:: Problem requirements ::
Below is a set of records; restate each one word for word.
· · · · · · ·
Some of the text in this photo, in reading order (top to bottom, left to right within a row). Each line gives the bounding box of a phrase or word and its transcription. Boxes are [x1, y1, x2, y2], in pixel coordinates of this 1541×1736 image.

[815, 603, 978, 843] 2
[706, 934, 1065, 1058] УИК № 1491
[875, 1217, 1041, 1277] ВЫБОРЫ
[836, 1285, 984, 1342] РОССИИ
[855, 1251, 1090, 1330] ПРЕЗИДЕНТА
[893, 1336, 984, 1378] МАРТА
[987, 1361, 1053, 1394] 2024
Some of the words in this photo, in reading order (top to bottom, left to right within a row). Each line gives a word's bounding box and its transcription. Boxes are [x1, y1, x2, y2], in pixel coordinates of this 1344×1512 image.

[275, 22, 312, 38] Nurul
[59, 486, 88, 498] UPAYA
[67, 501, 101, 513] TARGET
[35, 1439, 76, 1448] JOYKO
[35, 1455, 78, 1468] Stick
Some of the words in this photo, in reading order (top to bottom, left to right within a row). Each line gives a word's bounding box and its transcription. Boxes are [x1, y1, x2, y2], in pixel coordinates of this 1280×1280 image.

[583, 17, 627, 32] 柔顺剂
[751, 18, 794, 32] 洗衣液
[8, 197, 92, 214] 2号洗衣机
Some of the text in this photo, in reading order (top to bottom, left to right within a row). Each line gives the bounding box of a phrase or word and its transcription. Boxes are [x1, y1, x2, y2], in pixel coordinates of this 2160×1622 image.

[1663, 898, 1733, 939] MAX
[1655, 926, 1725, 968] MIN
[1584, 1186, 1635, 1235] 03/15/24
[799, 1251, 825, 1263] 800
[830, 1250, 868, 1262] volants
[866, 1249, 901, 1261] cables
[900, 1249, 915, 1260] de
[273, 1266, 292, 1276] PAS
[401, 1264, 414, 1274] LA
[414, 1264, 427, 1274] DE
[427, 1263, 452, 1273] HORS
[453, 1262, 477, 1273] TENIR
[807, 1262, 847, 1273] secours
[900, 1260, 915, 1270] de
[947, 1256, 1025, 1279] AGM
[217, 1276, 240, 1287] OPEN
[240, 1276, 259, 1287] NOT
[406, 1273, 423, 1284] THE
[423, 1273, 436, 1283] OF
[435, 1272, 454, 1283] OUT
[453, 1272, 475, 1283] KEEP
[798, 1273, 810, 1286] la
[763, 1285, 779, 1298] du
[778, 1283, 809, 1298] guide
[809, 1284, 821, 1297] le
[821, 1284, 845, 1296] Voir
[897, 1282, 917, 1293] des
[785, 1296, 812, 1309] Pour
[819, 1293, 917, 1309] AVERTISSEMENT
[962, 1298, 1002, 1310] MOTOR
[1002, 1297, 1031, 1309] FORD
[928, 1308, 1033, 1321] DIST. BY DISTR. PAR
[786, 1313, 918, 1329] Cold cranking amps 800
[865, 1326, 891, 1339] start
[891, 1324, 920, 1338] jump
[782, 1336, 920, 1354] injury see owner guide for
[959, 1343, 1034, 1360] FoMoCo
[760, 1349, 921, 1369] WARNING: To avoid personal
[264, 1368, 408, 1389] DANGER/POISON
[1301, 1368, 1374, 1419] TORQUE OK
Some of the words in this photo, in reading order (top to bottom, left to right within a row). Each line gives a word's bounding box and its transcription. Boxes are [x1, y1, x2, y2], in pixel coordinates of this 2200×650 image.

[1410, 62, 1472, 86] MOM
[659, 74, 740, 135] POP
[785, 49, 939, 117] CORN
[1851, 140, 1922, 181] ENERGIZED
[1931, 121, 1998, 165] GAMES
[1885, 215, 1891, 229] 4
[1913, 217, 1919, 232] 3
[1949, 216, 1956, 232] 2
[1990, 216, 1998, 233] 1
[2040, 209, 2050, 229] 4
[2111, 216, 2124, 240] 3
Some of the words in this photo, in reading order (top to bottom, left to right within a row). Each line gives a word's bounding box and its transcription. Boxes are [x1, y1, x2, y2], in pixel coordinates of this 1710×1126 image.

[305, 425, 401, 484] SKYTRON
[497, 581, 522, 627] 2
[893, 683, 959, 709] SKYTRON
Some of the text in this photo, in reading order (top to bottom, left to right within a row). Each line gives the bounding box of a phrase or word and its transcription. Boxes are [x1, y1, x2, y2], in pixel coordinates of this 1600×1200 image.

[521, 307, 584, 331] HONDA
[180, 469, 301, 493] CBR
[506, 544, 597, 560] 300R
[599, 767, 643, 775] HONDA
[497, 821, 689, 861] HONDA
· · · · · · ·
:: Your solution ::
Some of the text in this photo, in reading order (top to bottom, left to right within a row). Each line gives the bounding box of a phrase or word and its transcription. Boxes are [x1, y1, x2, y2], in pixel coordinates of this 1541×1736 image.

[815, 603, 978, 843] 2
[706, 934, 1065, 1058] УИК № 1491
[875, 1217, 1041, 1277] ВЫБОРЫ
[836, 1285, 984, 1342] РОССИИ
[855, 1251, 1090, 1330] ПРЕЗИДЕНТА
[893, 1336, 984, 1378] МАРТА
[987, 1361, 1053, 1394] 2024
Some of the words in this photo, in reading order (top to bottom, left to right within a row). Each line gives a word's bounding box and its transcription. Boxes are [x1, y1, x2, y2], in pixel coordinates of this 1344×1512 image.

[275, 22, 312, 38] Nurul
[59, 486, 88, 498] UPAYA
[67, 501, 101, 513] TARGET
[35, 1439, 76, 1448] JOYKO
[35, 1455, 78, 1468] Stick
Some of the words in this photo, in reading order (top to bottom, left to right within a row). Each line gives a word's bounding box and its transcription. Boxes are [x1, y1, x2, y2], in pixel coordinates of this 1280×1280 image.

[583, 17, 627, 32] 柔顺剂
[751, 18, 794, 32] 洗衣液
[8, 197, 92, 214] 2号洗衣机
Some of the text in this photo, in reading order (top to bottom, left to right within a row). Each line gives the bounding box of a phrase or word and its transcription. Boxes are [x1, y1, x2, y2], in pixel coordinates of this 2160×1622 image.

[1663, 898, 1733, 939] MAX
[1655, 926, 1725, 968] MIN
[1584, 1186, 1635, 1235] 03/15/24
[799, 1251, 825, 1263] 800
[830, 1250, 868, 1262] volants
[866, 1249, 901, 1261] cables
[900, 1249, 915, 1260] de
[273, 1266, 292, 1276] PAS
[401, 1264, 414, 1274] LA
[414, 1264, 427, 1274] DE
[427, 1263, 452, 1273] HORS
[453, 1262, 477, 1273] TENIR
[807, 1262, 847, 1273] secours
[900, 1260, 915, 1270] de
[947, 1256, 1025, 1279] AGM
[217, 1276, 240, 1287] OPEN
[240, 1276, 259, 1287] NOT
[406, 1273, 423, 1284] THE
[423, 1273, 436, 1283] OF
[435, 1272, 454, 1283] OUT
[453, 1272, 475, 1283] KEEP
[798, 1273, 810, 1286] la
[763, 1285, 779, 1298] du
[778, 1283, 809, 1298] guide
[809, 1284, 821, 1297] le
[821, 1284, 845, 1296] Voir
[897, 1282, 917, 1293] des
[785, 1296, 812, 1309] Pour
[819, 1293, 917, 1309] AVERTISSEMENT
[962, 1298, 1002, 1310] MOTOR
[1002, 1297, 1031, 1309] FORD
[928, 1308, 1033, 1321] DIST. BY DISTR. PAR
[786, 1313, 918, 1329] Cold cranking amps 800
[865, 1326, 891, 1339] start
[891, 1324, 920, 1338] jump
[782, 1336, 920, 1354] injury see owner guide for
[959, 1343, 1034, 1360] FoMoCo
[760, 1349, 921, 1369] WARNING: To avoid personal
[264, 1368, 408, 1389] DANGER/POISON
[1301, 1368, 1374, 1419] TORQUE OK
Some of the words in this photo, in reading order (top to bottom, left to right within a row). Each line gives a word's bounding box and its transcription. Boxes are [x1, y1, x2, y2], in pixel coordinates of this 2200×650 image.

[1410, 62, 1472, 86] MOM
[659, 74, 740, 135] POP
[785, 49, 939, 117] CORN
[1851, 140, 1922, 181] ENERGIZED
[1931, 121, 1998, 165] GAMES
[1885, 215, 1891, 229] 4
[1913, 217, 1919, 232] 3
[1949, 216, 1956, 232] 2
[1990, 216, 1998, 233] 1
[2040, 209, 2050, 229] 4
[2111, 216, 2124, 240] 3
Some of the words in this photo, in reading order (top to bottom, left to right within a row). Each line gives a word's bounding box and its transcription. Boxes are [x1, y1, x2, y2], in pixel coordinates of this 1710×1126 image.

[305, 425, 401, 484] SKYTRON
[497, 581, 522, 627] 2
[893, 683, 959, 709] SKYTRON
Some of the text in this photo, in reading order (top to bottom, left to right within a row). Each line gives the bounding box of a phrase or word and its transcription. Boxes are [x1, y1, x2, y2], in pixel coordinates of this 1600×1200 image.

[521, 307, 584, 331] HONDA
[180, 469, 301, 493] CBR
[506, 544, 597, 560] 300R
[599, 767, 643, 775] HONDA
[497, 821, 689, 861] HONDA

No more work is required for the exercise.